Page 279 - RBDCNeat
P. 279
Lalu, aku bercerita kepada Ibu bahwa Kang Badri
menyuruhku untuk kuliah. Bahkan, aku harus bisa sampai
selesai S3. Ibu jadi bingung, “Belum apa-apa sudah disuruh
kuliah sampai S3, biayanya dari mana?” Begitu pikir Ibu. Aku
menjelaskan kepada Ibu, “Kata Kang Badri banyak beasiswa
yang menunggu Dini.”
Ibu jadi merasa agak tenang walaupun aku sendiri merasa
bingung harus mencari beasiswa ke mana sedangkan aku
sendiri menyadari bukan orang yang pintar, hanya orang biasa
saja yang mempunyai keinginan besar.
Aku tidak tahu apa yang dimaksud Kang Badri bahwa
“banyak beasiswa yang menunggu Dini”. Entah beasiswa
tersebut dari mana.

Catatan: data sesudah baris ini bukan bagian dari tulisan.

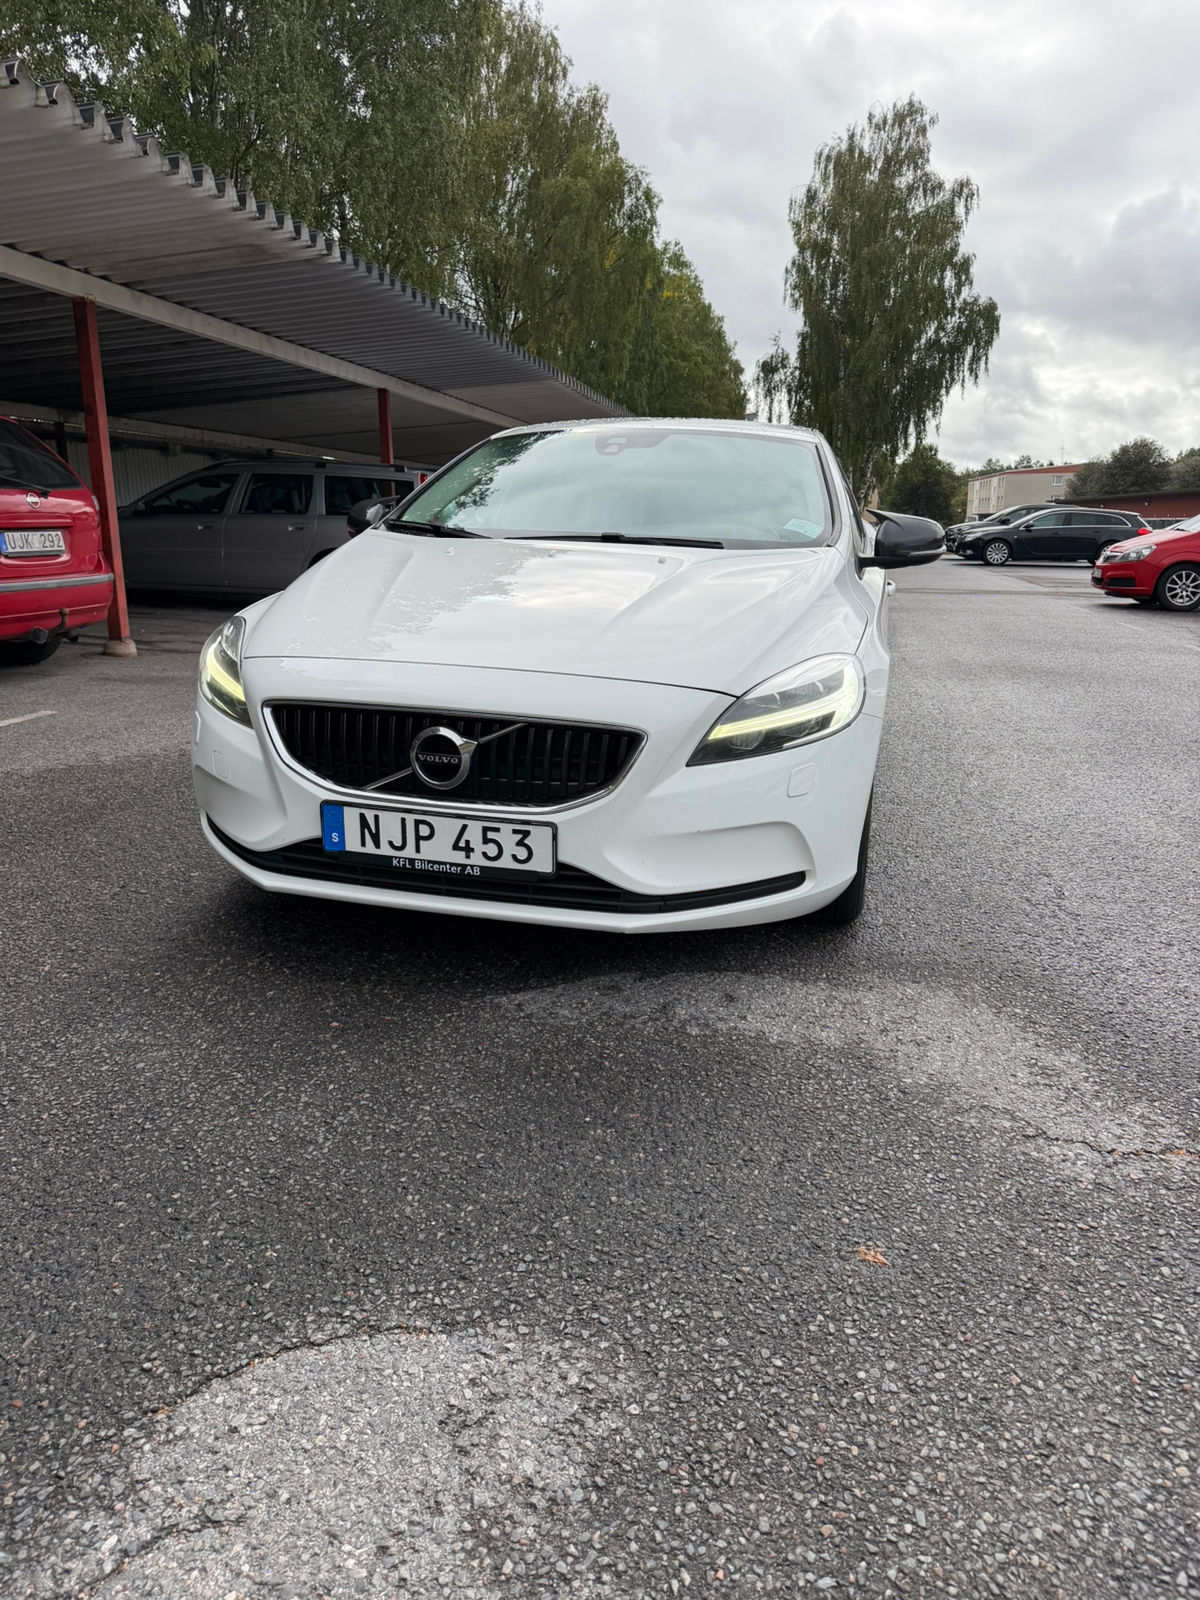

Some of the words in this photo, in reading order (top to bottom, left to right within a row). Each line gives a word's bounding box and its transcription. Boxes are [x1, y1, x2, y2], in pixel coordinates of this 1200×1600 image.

[6, 533, 33, 549] UJK
[40, 533, 63, 549] 292
[417, 754, 459, 764] VOLVO
[331, 832, 339, 843] S
[359, 812, 436, 854] NJP
[452, 823, 534, 865] 453
[392, 857, 412, 869] KFL
[415, 860, 461, 874] Bilcenter
[465, 865, 481, 876] AB

Aku sempat berpikir, “Oh... Mungkin Kang
Badri punya kenalan lembaga yang suka ngasih beasiswa,
mungkin aku akan dikenalkannya. Kalau beasiswa dari BRC
rasanya tidak mungkin karena sepengetahuanku BRC bukan
lembaga yang biasa memberikan beasiswa. Wallahualam.”
Sejak saat itu aku bilang kepada pihak sekolah kalau aku
akan kuliah di UIN. Awalnya pihak sekolah mempertanyakan
kenapa aku memilih kuliah di UIN, bukan di UPI atau UNINUS.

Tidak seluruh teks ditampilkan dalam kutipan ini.